### [How to complete this task]
A word-for-word copy of the entries below is required.

Data records:
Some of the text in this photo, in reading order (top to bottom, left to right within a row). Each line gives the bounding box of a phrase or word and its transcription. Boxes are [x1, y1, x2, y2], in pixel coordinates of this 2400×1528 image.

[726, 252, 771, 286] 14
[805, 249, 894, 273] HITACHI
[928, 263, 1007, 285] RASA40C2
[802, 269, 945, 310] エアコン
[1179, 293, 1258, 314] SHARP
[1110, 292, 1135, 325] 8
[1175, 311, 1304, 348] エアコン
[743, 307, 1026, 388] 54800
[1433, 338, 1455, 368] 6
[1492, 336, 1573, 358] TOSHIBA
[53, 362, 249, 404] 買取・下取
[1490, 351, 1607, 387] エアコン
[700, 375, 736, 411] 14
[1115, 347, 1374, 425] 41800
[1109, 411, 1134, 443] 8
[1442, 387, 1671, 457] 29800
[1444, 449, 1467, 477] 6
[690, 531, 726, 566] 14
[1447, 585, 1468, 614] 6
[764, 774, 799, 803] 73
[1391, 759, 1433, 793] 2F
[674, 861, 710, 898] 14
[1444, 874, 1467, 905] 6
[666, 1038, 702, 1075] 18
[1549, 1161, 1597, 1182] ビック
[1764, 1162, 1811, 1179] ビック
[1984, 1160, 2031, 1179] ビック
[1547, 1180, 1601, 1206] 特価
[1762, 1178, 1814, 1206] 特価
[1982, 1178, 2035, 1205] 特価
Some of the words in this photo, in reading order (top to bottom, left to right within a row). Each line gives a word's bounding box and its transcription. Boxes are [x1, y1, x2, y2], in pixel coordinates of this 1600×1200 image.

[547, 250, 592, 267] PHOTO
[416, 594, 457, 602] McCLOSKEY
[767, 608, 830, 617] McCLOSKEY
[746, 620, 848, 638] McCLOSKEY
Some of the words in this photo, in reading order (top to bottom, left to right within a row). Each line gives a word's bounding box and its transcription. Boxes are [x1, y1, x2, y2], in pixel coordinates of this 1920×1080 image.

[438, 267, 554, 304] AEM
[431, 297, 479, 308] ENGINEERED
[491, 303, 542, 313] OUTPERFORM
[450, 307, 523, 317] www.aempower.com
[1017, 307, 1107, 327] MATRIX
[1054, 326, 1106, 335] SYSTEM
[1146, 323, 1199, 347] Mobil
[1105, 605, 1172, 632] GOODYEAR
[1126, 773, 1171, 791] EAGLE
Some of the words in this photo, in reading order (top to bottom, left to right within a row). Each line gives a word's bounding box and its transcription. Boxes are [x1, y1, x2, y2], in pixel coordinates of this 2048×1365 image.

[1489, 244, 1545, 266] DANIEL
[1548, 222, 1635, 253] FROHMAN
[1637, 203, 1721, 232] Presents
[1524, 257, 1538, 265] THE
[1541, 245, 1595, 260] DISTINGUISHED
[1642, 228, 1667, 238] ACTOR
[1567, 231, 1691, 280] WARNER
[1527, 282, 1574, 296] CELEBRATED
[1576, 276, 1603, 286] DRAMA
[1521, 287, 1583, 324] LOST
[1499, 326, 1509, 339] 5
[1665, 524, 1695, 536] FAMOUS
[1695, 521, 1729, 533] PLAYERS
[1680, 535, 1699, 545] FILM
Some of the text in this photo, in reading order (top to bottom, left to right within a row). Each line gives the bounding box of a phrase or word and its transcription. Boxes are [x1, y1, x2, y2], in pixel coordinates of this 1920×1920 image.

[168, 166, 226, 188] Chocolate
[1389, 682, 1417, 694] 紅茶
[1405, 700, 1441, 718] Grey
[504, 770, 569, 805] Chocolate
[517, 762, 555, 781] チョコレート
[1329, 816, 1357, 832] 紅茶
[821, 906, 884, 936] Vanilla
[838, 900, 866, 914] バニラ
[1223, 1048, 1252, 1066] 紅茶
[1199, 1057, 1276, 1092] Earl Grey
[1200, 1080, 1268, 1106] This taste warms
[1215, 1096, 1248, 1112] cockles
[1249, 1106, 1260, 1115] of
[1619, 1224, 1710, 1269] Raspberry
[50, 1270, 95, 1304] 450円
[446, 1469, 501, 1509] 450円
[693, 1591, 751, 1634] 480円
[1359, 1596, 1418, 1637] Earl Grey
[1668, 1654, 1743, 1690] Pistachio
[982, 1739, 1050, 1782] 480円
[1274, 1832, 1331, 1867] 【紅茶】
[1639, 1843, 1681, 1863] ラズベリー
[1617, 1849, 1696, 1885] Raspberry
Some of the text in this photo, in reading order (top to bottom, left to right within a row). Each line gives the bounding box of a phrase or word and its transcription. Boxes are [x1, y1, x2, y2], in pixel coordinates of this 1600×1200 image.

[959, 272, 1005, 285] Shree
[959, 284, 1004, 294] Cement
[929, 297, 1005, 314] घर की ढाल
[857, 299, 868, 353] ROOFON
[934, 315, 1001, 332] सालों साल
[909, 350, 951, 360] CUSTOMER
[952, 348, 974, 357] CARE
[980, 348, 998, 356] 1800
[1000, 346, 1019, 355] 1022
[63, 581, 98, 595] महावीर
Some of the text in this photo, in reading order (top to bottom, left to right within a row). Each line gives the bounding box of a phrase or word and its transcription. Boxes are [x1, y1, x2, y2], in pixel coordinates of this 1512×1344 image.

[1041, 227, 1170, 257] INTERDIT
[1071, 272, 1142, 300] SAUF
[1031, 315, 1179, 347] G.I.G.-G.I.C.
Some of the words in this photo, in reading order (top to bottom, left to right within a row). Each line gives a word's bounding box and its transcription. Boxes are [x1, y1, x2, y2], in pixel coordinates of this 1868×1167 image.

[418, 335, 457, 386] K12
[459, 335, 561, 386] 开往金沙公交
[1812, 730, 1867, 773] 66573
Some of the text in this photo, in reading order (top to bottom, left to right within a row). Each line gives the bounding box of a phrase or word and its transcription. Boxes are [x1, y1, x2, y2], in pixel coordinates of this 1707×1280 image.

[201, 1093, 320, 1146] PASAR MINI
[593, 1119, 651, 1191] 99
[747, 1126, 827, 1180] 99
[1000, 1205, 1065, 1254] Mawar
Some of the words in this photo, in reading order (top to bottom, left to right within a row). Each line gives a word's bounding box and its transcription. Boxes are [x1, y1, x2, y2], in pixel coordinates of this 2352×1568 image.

### [Exercise solution]
Some of the text in this photo, in reading order (top to bottom, left to right within a row). Each line gives the bounding box of a phrase or word and its transcription. Boxes are [x1, y1, x2, y2], in pixel coordinates of this 2400×1528 image.

[726, 252, 771, 286] 14
[805, 249, 894, 273] HITACHI
[928, 263, 1007, 285] RASA40C2
[802, 269, 945, 310] エアコン
[1179, 293, 1258, 314] SHARP
[1110, 292, 1135, 325] 8
[1175, 311, 1304, 348] エアコン
[743, 307, 1026, 388] 54800
[1433, 338, 1455, 368] 6
[1492, 336, 1573, 358] TOSHIBA
[53, 362, 249, 404] 買取・下取
[1490, 351, 1607, 387] エアコン
[700, 375, 736, 411] 14
[1115, 347, 1374, 425] 41800
[1109, 411, 1134, 443] 8
[1442, 387, 1671, 457] 29800
[1444, 449, 1467, 477] 6
[690, 531, 726, 566] 14
[1447, 585, 1468, 614] 6
[764, 774, 799, 803] 73
[1391, 759, 1433, 793] 2F
[674, 861, 710, 898] 14
[1444, 874, 1467, 905] 6
[666, 1038, 702, 1075] 18
[1549, 1161, 1597, 1182] ビック
[1764, 1162, 1811, 1179] ビック
[1984, 1160, 2031, 1179] ビック
[1547, 1180, 1601, 1206] 特価
[1762, 1178, 1814, 1206] 特価
[1982, 1178, 2035, 1205] 特価
Some of the words in this photo, in reading order (top to bottom, left to right within a row). Each line gives a word's bounding box and its transcription. Boxes are [x1, y1, x2, y2], in pixel coordinates of this 1600×1200 image.

[547, 250, 592, 267] PHOTO
[416, 594, 457, 602] McCLOSKEY
[767, 608, 830, 617] McCLOSKEY
[746, 620, 848, 638] McCLOSKEY
Some of the words in this photo, in reading order (top to bottom, left to right within a row). Each line gives a word's bounding box and its transcription. Boxes are [x1, y1, x2, y2], in pixel coordinates of this 1920×1080 image.

[438, 267, 554, 304] AEM
[431, 297, 479, 308] ENGINEERED
[491, 303, 542, 313] OUTPERFORM
[450, 307, 523, 317] www.aempower.com
[1017, 307, 1107, 327] MATRIX
[1054, 326, 1106, 335] SYSTEM
[1146, 323, 1199, 347] Mobil
[1105, 605, 1172, 632] GOODYEAR
[1126, 773, 1171, 791] EAGLE
Some of the words in this photo, in reading order (top to bottom, left to right within a row). Each line gives a word's bounding box and its transcription. Boxes are [x1, y1, x2, y2], in pixel coordinates of this 2048×1365 image.

[1489, 244, 1545, 266] DANIEL
[1548, 222, 1635, 253] FROHMAN
[1637, 203, 1721, 232] Presents
[1524, 257, 1538, 265] THE
[1541, 245, 1595, 260] DISTINGUISHED
[1642, 228, 1667, 238] ACTOR
[1567, 231, 1691, 280] WARNER
[1527, 282, 1574, 296] CELEBRATED
[1576, 276, 1603, 286] DRAMA
[1521, 287, 1583, 324] LOST
[1499, 326, 1509, 339] 5
[1665, 524, 1695, 536] FAMOUS
[1695, 521, 1729, 533] PLAYERS
[1680, 535, 1699, 545] FILM
Some of the text in this photo, in reading order (top to bottom, left to right within a row). Each line gives the bounding box of a phrase or word and its transcription. Boxes are [x1, y1, x2, y2], in pixel coordinates of this 1920×1920 image.

[168, 166, 226, 188] Chocolate
[1389, 682, 1417, 694] 紅茶
[1405, 700, 1441, 718] Grey
[504, 770, 569, 805] Chocolate
[517, 762, 555, 781] チョコレート
[1329, 816, 1357, 832] 紅茶
[821, 906, 884, 936] Vanilla
[838, 900, 866, 914] バニラ
[1223, 1048, 1252, 1066] 紅茶
[1199, 1057, 1276, 1092] Earl Grey
[1200, 1080, 1268, 1106] This taste warms
[1215, 1096, 1248, 1112] cockles
[1249, 1106, 1260, 1115] of
[1619, 1224, 1710, 1269] Raspberry
[50, 1270, 95, 1304] 450円
[446, 1469, 501, 1509] 450円
[693, 1591, 751, 1634] 480円
[1359, 1596, 1418, 1637] Earl Grey
[1668, 1654, 1743, 1690] Pistachio
[982, 1739, 1050, 1782] 480円
[1274, 1832, 1331, 1867] 【紅茶】
[1639, 1843, 1681, 1863] ラズベリー
[1617, 1849, 1696, 1885] Raspberry
Some of the text in this photo, in reading order (top to bottom, left to right within a row). Each line gives the bounding box of a phrase or word and its transcription. Boxes are [x1, y1, x2, y2], in pixel coordinates of this 1600×1200 image.

[959, 272, 1005, 285] Shree
[959, 284, 1004, 294] Cement
[929, 297, 1005, 314] घर की ढाल
[857, 299, 868, 353] ROOFON
[934, 315, 1001, 332] सालों साल
[909, 350, 951, 360] CUSTOMER
[952, 348, 974, 357] CARE
[980, 348, 998, 356] 1800
[1000, 346, 1019, 355] 1022
[63, 581, 98, 595] महावीर
Some of the text in this photo, in reading order (top to bottom, left to right within a row). Each line gives the bounding box of a phrase or word and its transcription. Boxes are [x1, y1, x2, y2], in pixel coordinates of this 1512×1344 image.

[1041, 227, 1170, 257] INTERDIT
[1071, 272, 1142, 300] SAUF
[1031, 315, 1179, 347] G.I.G.-G.I.C.
Some of the words in this photo, in reading order (top to bottom, left to right within a row). Each line gives a word's bounding box and its transcription. Boxes are [x1, y1, x2, y2], in pixel coordinates of this 1868×1167 image.

[418, 335, 457, 386] K12
[459, 335, 561, 386] 开往金沙公交
[1812, 730, 1867, 773] 66573
Some of the text in this photo, in reading order (top to bottom, left to right within a row). Each line gives the bounding box of a phrase or word and its transcription. Boxes are [x1, y1, x2, y2], in pixel coordinates of this 1707×1280 image.

[201, 1093, 320, 1146] PASAR MINI
[593, 1119, 651, 1191] 99
[747, 1126, 827, 1180] 99
[1000, 1205, 1065, 1254] Mawar
Some of the words in this photo, in reading order (top to bottom, left to right within a row). Each line gives a word's bounding box and its transcription. Boxes are [x1, y1, x2, y2], in pixel coordinates of this 2352×1568 image.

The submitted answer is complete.